Question

A watch was slow by 5 minutes at 4 p.m. on Wednesday, but it was fast by 10 minutes at 4 p.m on Saturday. At what time did it show the right time?

• A. 4 p.m. on Thursday
• B. 4m. on Friday
• C. 12 Noon on Thursday
• D. 4 p.m. on Friday
• E. 12 Noon on Friday

Answer 1

The Correct Option is A

Step 1: Understand the problem.
A watch was slow by 5 minutes at 4 p.m. on Wednesday and fast by 10 minutes at 4 p.m. on Saturday. We need to determine the time when the watch showed the correct time.

Step 2: Calculate the time difference between Wednesday and Saturday.
The time from 4 p.m. on Wednesday to 4 p.m. on Saturday is 48 hours (2 full days).

Step 3: Determine the total time gained or lost.
The watch was slow by 5 minutes at 4 p.m. on Wednesday and fast by 10 minutes at 4 p.m. on Saturday. The net change in time is:
\( \text{Net change} = 10 \, \text{minutes (fast)} - 5 \, \text{minutes (slow)} = 15 \, \text{minutes (gained)} \)

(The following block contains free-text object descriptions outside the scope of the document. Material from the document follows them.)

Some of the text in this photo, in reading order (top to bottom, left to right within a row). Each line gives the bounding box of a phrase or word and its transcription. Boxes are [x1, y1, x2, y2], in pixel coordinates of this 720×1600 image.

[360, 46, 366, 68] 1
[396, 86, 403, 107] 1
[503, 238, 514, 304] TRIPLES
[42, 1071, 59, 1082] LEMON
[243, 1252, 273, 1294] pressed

Step 4: Calculate the rate at which the watch gains time.
The watch gained 15 minutes over 48 hours. Therefore, the rate at which the watch gains time is:
\( \text{Rate} = \frac{15 \, \text{minutes}}{48 \, \text{hours}} = \frac{5}{16} \, \text{minutes per hour} \)

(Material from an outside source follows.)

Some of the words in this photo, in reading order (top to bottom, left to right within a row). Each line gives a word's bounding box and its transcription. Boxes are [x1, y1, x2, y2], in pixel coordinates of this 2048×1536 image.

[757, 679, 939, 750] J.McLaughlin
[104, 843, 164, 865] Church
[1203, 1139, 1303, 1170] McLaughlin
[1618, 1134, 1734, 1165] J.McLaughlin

Step 5: Find the time when the watch showed the correct time.
Since the watch gains time, we can calculate the time at which the watch was correct by subtracting the time gained from 4 p.m. on Wednesday. The watch gained 5 minutes every 16 minutes, so we calculate the time when the watch would have been correct.

Final Answer:
The correct time was at 4 p.m. on Thursday.

The correct option is (A): 4 p.m. on Thursday.